WHAT TO DO:
All of the records that follow need to be copied word for word, without the pictures.

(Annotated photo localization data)

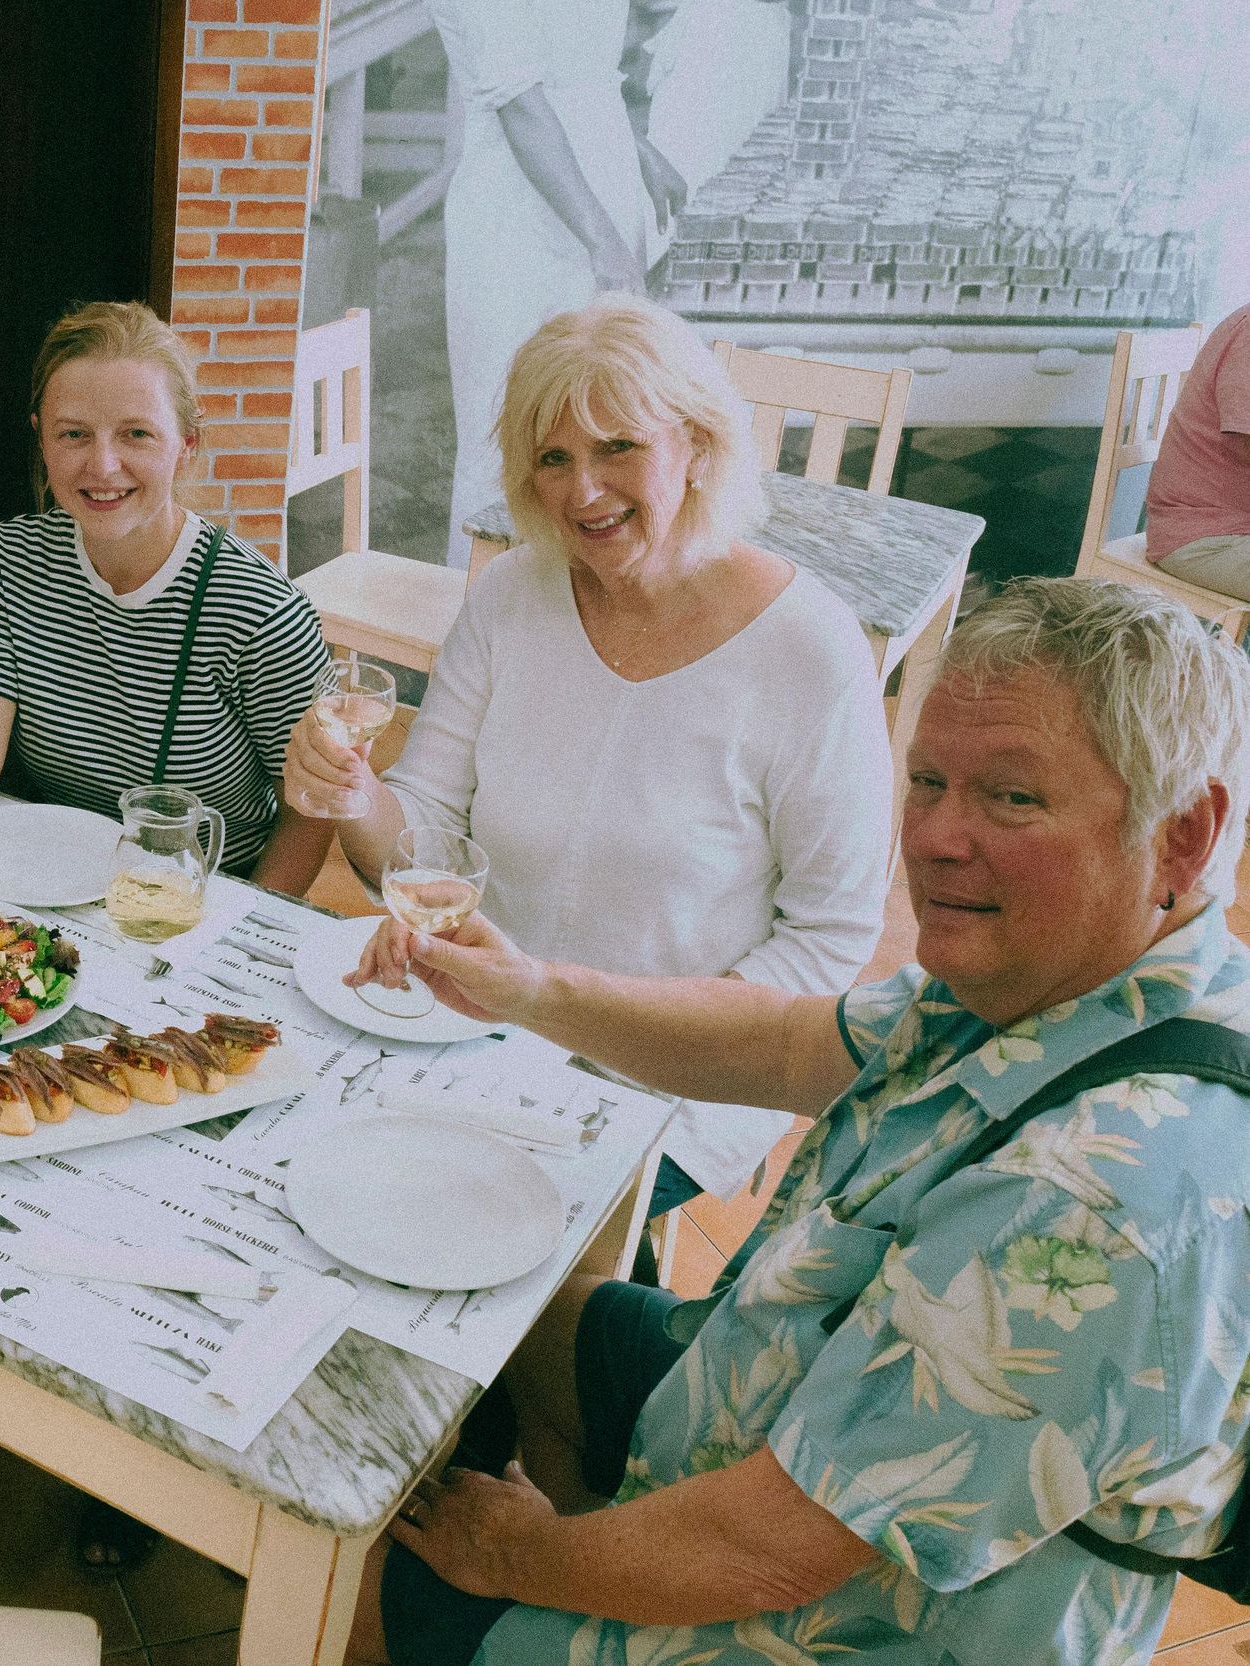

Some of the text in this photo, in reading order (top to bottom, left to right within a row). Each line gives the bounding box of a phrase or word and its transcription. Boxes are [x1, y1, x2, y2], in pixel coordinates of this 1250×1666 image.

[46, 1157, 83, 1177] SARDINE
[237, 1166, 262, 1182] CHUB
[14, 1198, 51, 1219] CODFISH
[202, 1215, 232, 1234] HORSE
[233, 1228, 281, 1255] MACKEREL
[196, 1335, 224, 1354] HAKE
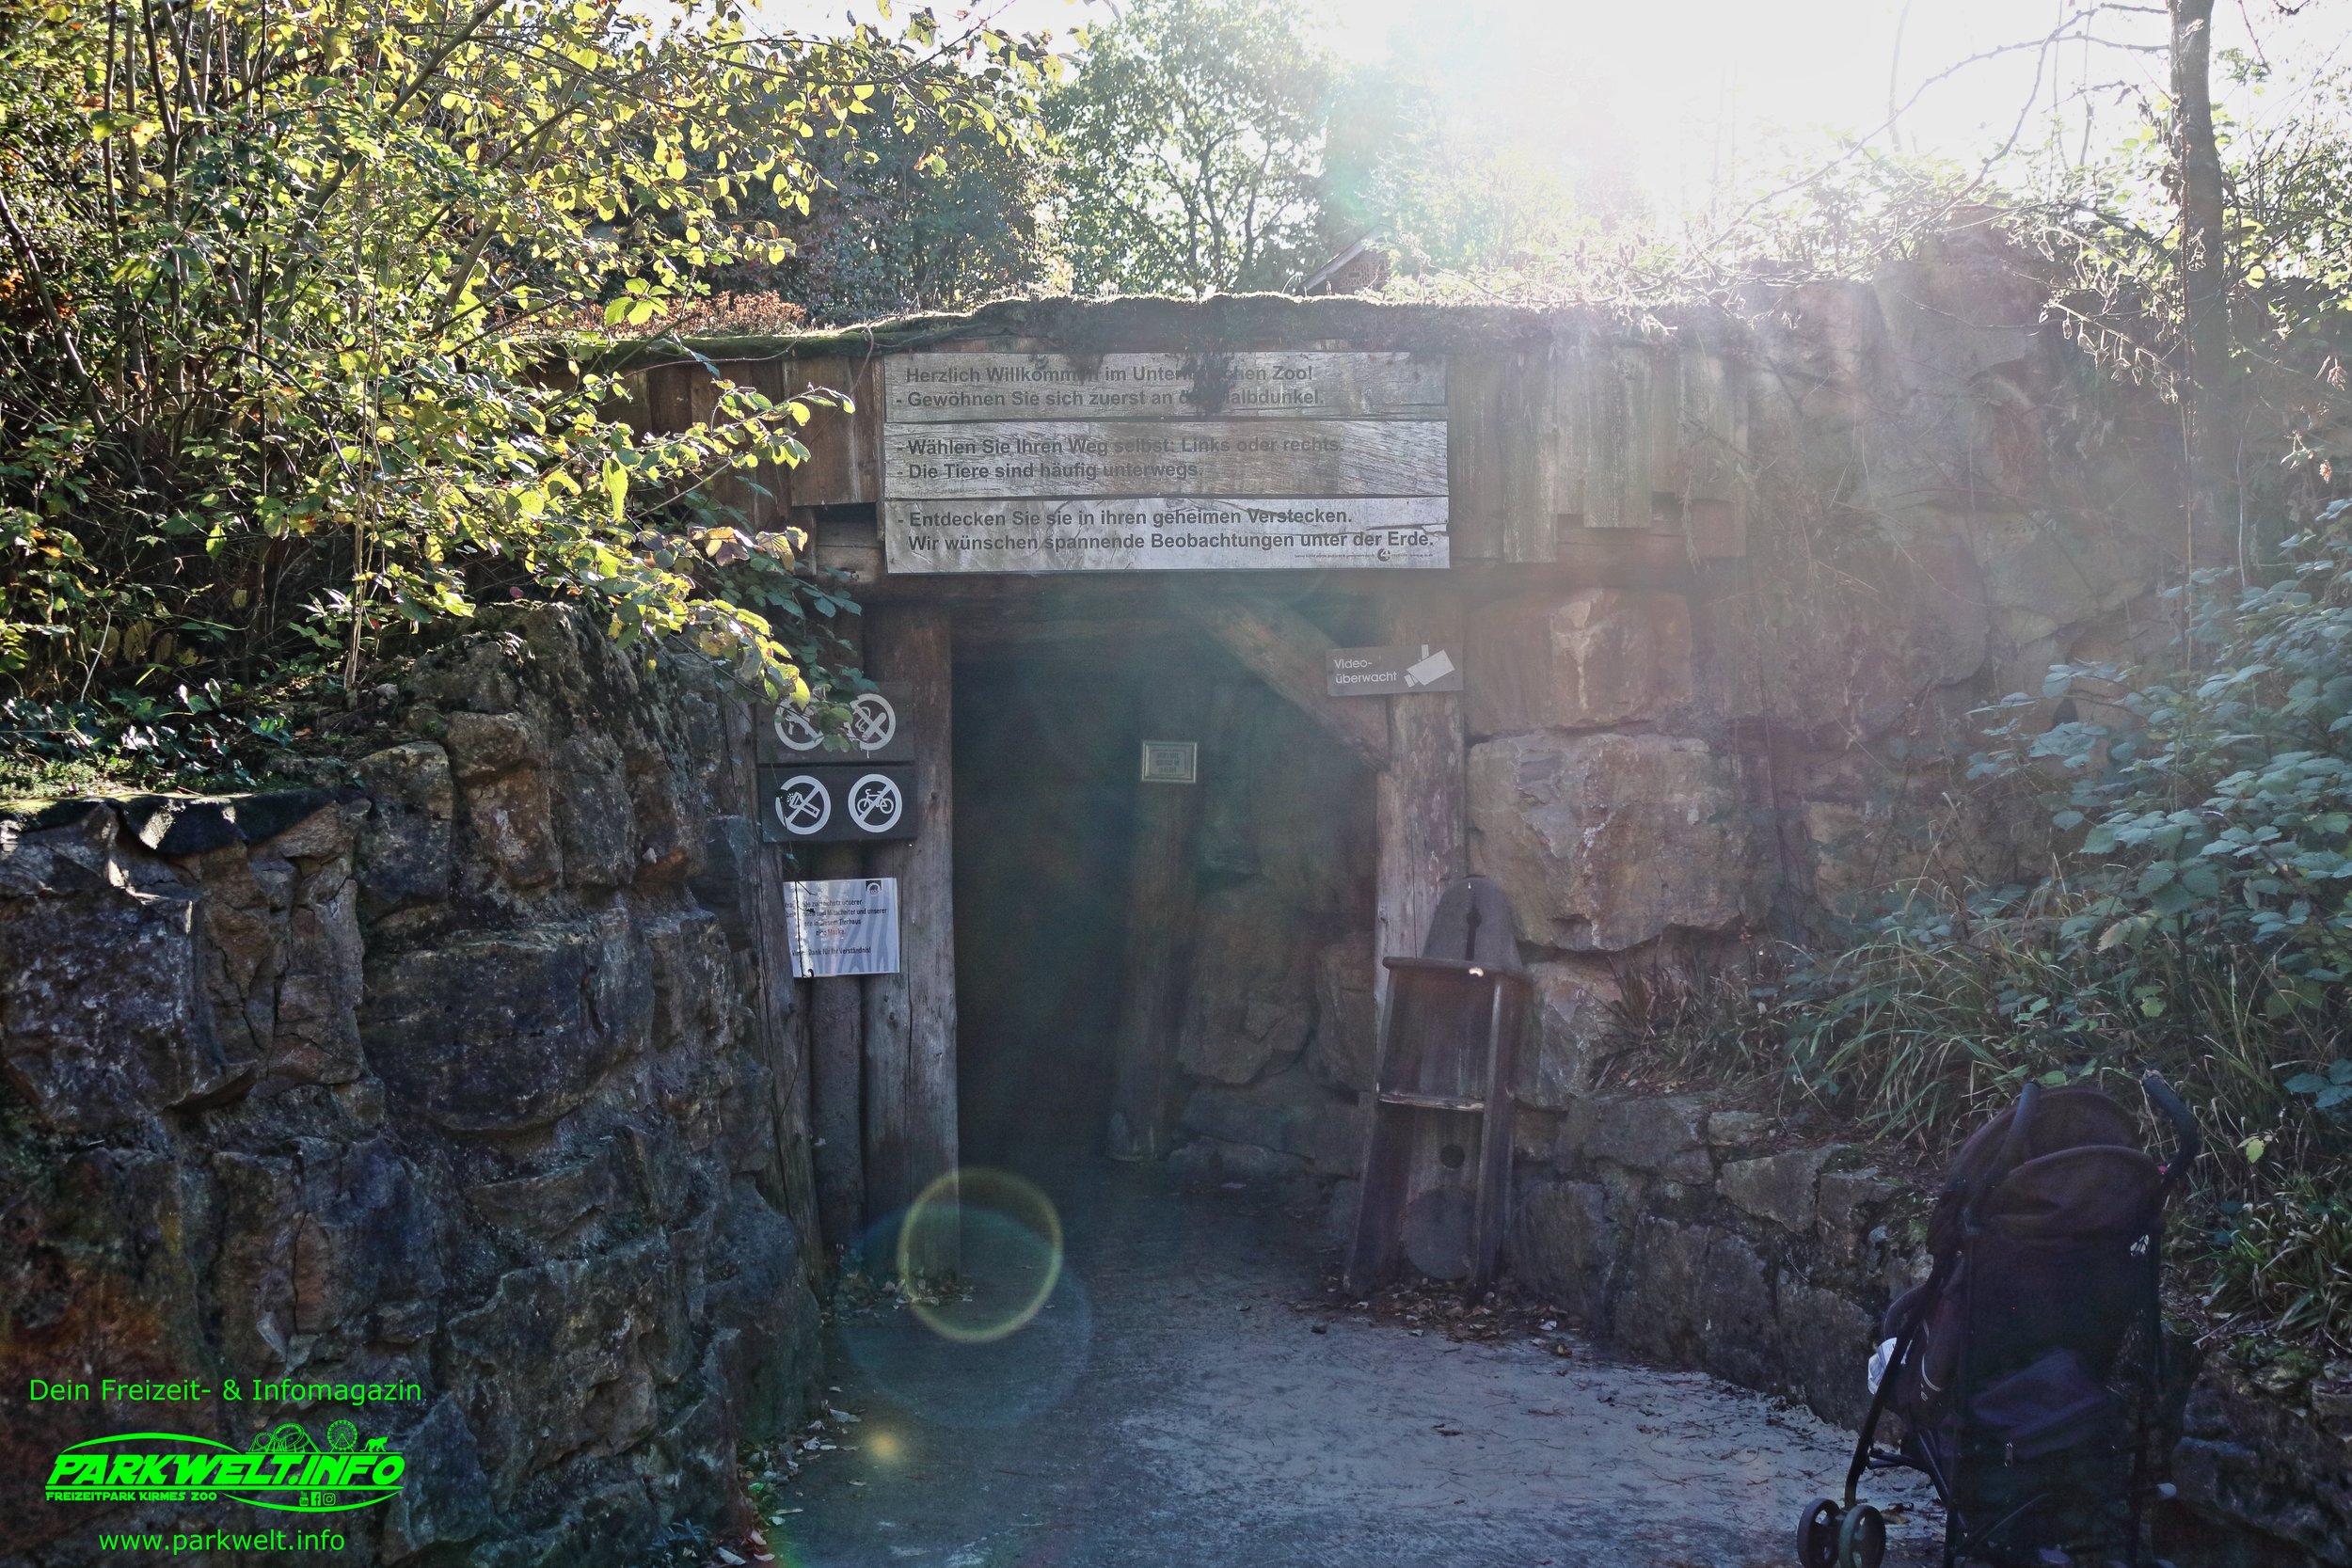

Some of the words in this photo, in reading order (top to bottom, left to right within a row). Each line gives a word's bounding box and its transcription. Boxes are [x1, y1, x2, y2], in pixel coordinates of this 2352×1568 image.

FINAL ANSWER:
Some of the text in this photo, in reading order (top to bottom, left to right within a row). Each line gives the bounding box of a phrase or word and its transcription. Boxes are [x1, y1, x2, y2], in pixel coordinates of this 1250×1666 image.

[46, 1157, 83, 1177] SARDINE
[237, 1166, 262, 1182] CHUB
[14, 1198, 51, 1219] CODFISH
[202, 1215, 232, 1234] HORSE
[233, 1228, 281, 1255] MACKEREL
[196, 1335, 224, 1354] HAKE

Some of the words in this photo, in reading order (top to bottom, left to right within a row). Each line gives a word's bounding box and its transcription. Boxes are [x1, y1, x2, y2], in pixel coordinates of this 2352×1568 image.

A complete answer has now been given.